ABOUT THIS TASK -> Retype each entry verbatim. Do not include the images.

:: RECORDS TO USE ::

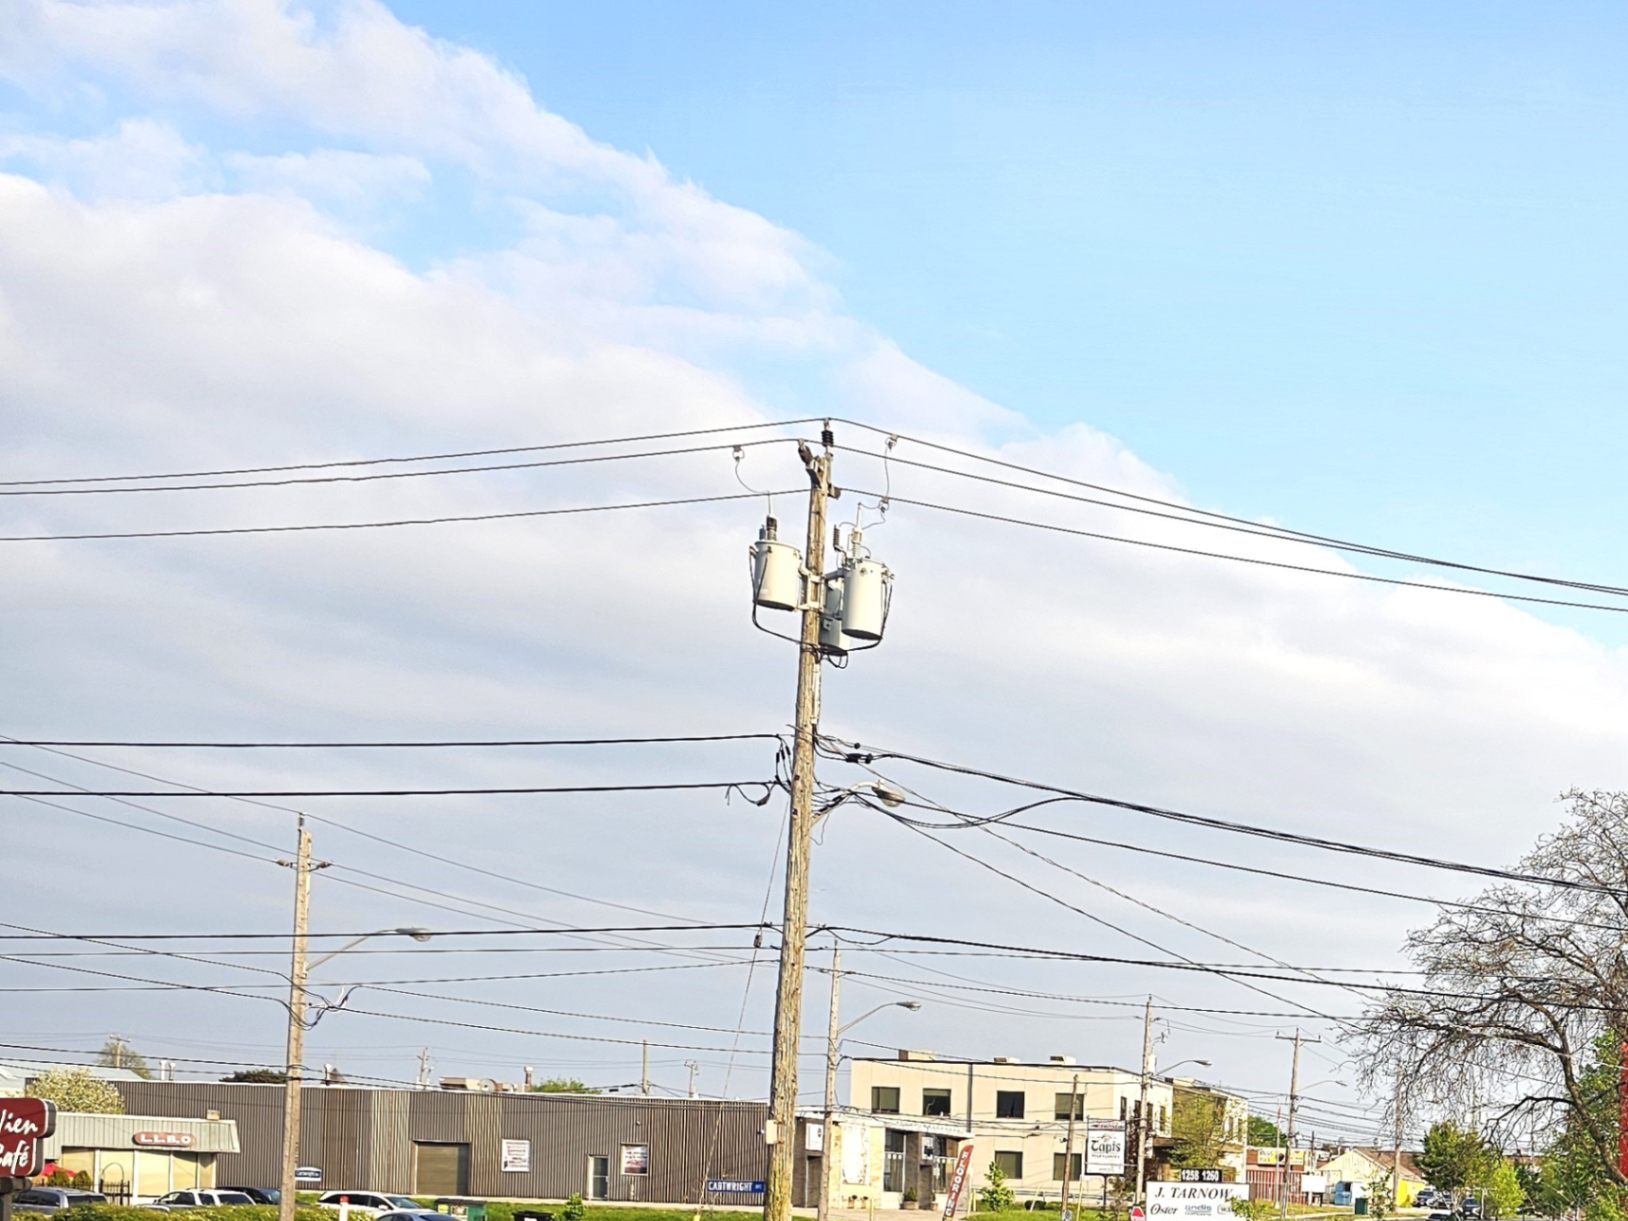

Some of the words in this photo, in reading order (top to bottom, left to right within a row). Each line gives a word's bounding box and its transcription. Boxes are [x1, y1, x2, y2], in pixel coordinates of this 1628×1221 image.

[708, 1181, 753, 1191] CARTWRIGHT
[945, 1151, 969, 1217] FLOORING
[1155, 1187, 1164, 1198] J.
[1171, 1187, 1233, 1199] TARNOW
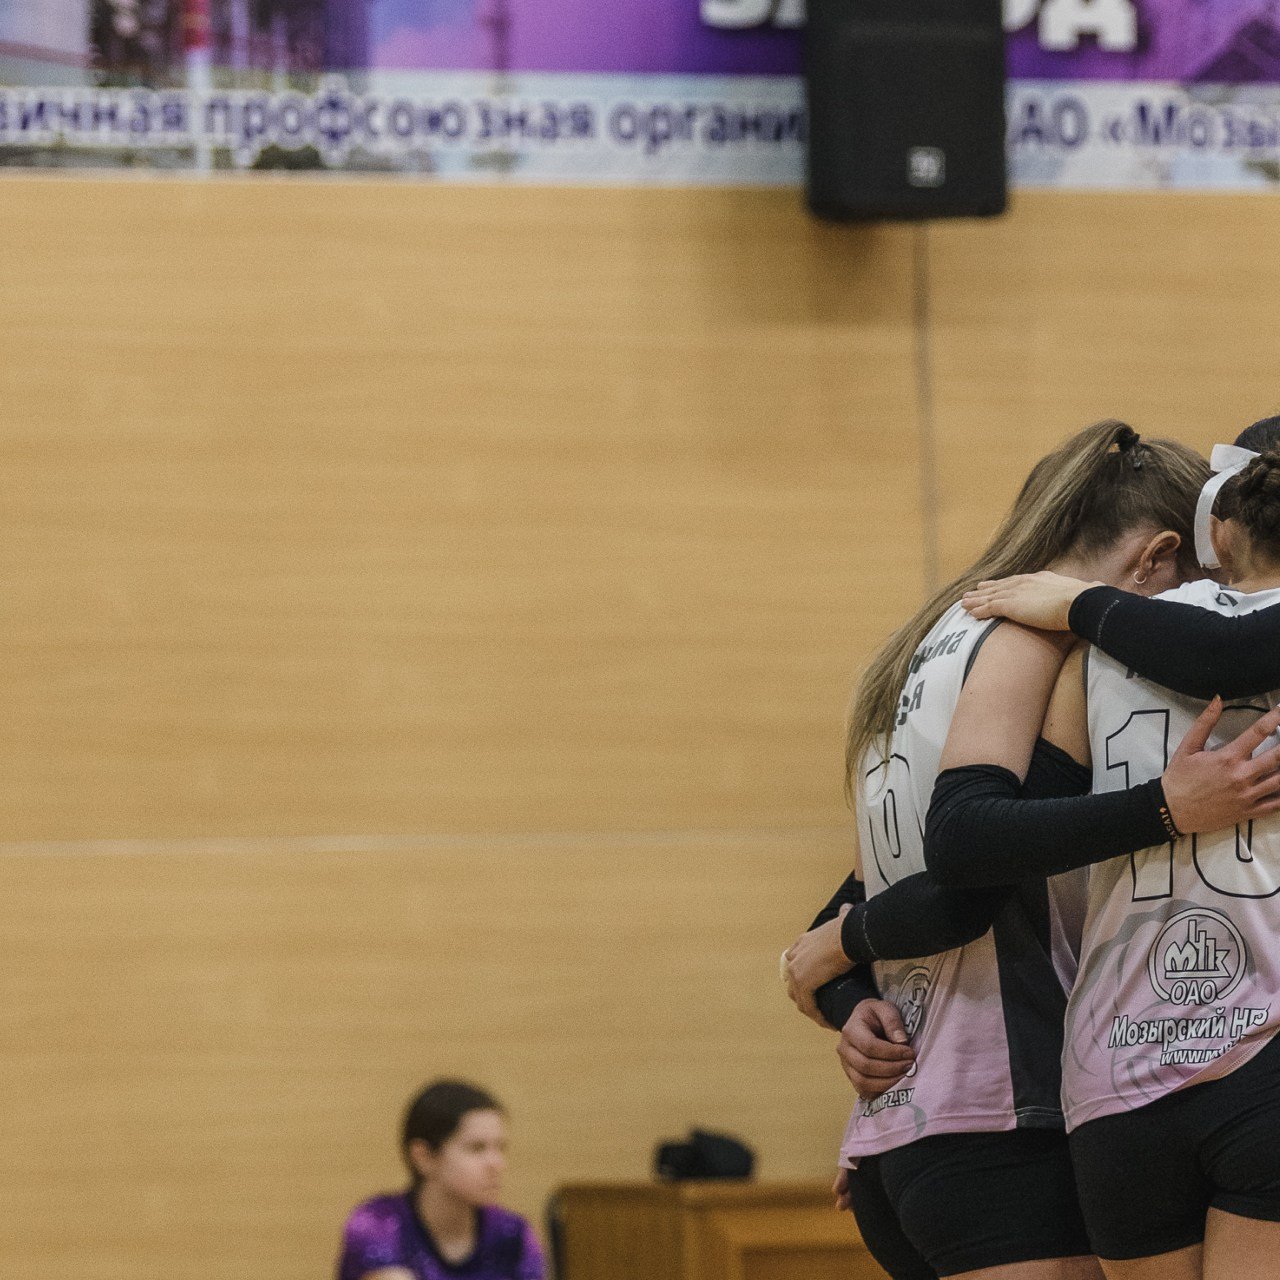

:::

TASK ANSWER ->
Some of the words in this photo, in reading order (top to bottom, left to right within a row). Each line gives a word's bounding box and its transcription. Boxes are [x1, y1, x2, y2], in pixel coordinates of this 1628×1221 image.

[708, 1181, 753, 1191] CARTWRIGHT
[945, 1151, 969, 1217] FLOORING
[1155, 1187, 1164, 1198] J.
[1171, 1187, 1233, 1199] TARNOW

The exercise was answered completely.